- **What you will do**
A verbatim copy of all the data is required, minus any images.

**** Records for this task

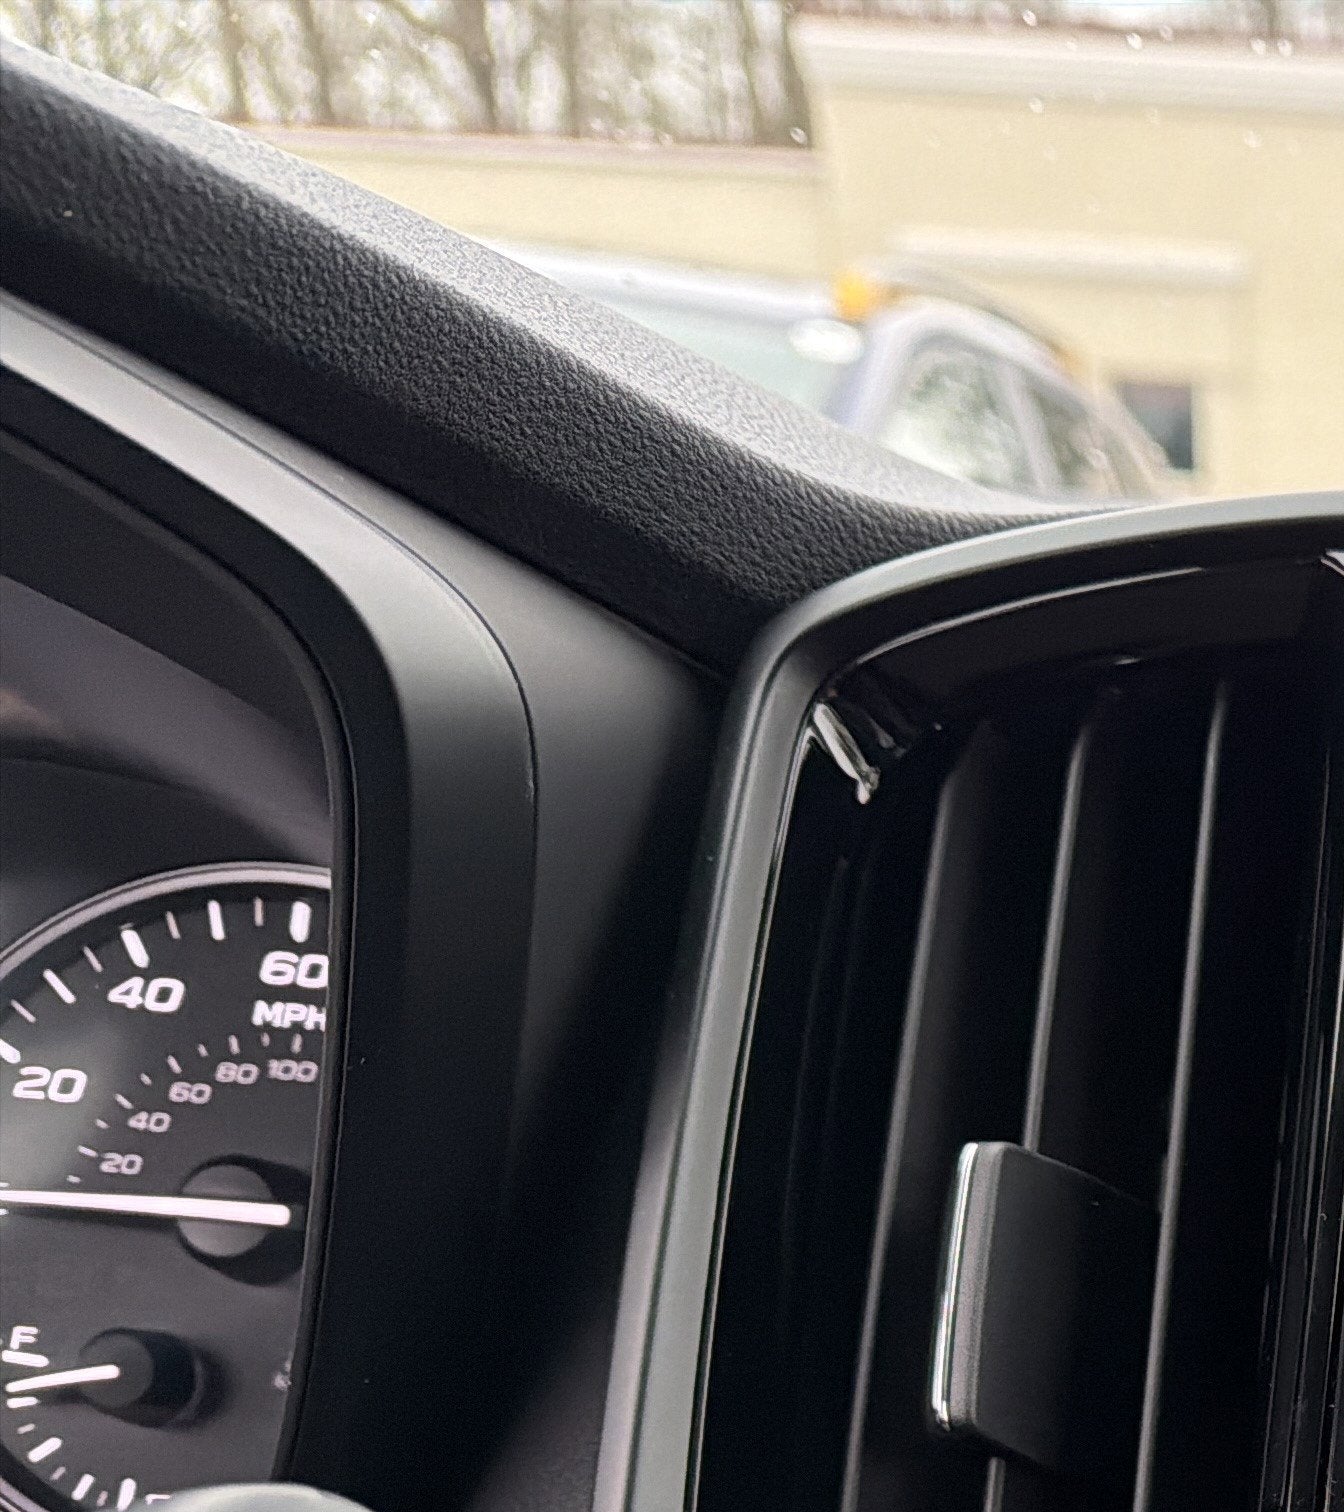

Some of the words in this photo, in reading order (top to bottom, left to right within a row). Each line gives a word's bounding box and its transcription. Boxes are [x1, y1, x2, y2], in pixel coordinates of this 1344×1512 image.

[260, 950, 328, 988] 60
[107, 976, 185, 1013] 40
[252, 1000, 327, 1032] MPH
[267, 1059, 318, 1083] 100
[12, 1066, 87, 1103] 20
[169, 1081, 212, 1105] 60
[128, 1111, 170, 1133] 40
[100, 1152, 143, 1175] 20
[10, 1325, 40, 1350] F

********

- **Solution below**
Some of the words in this photo, in reading order (top to bottom, left to right within a row). Each line gives a word's bounding box and its transcription. Boxes are [x1, y1, x2, y2], in pixel coordinates of this 1344×1512 image.

[260, 950, 328, 988] 60
[107, 976, 185, 1013] 40
[252, 1000, 327, 1032] MPH
[267, 1059, 318, 1083] 100
[12, 1066, 87, 1103] 20
[169, 1081, 212, 1105] 60
[128, 1111, 170, 1133] 40
[100, 1152, 143, 1175] 20
[10, 1325, 40, 1350] F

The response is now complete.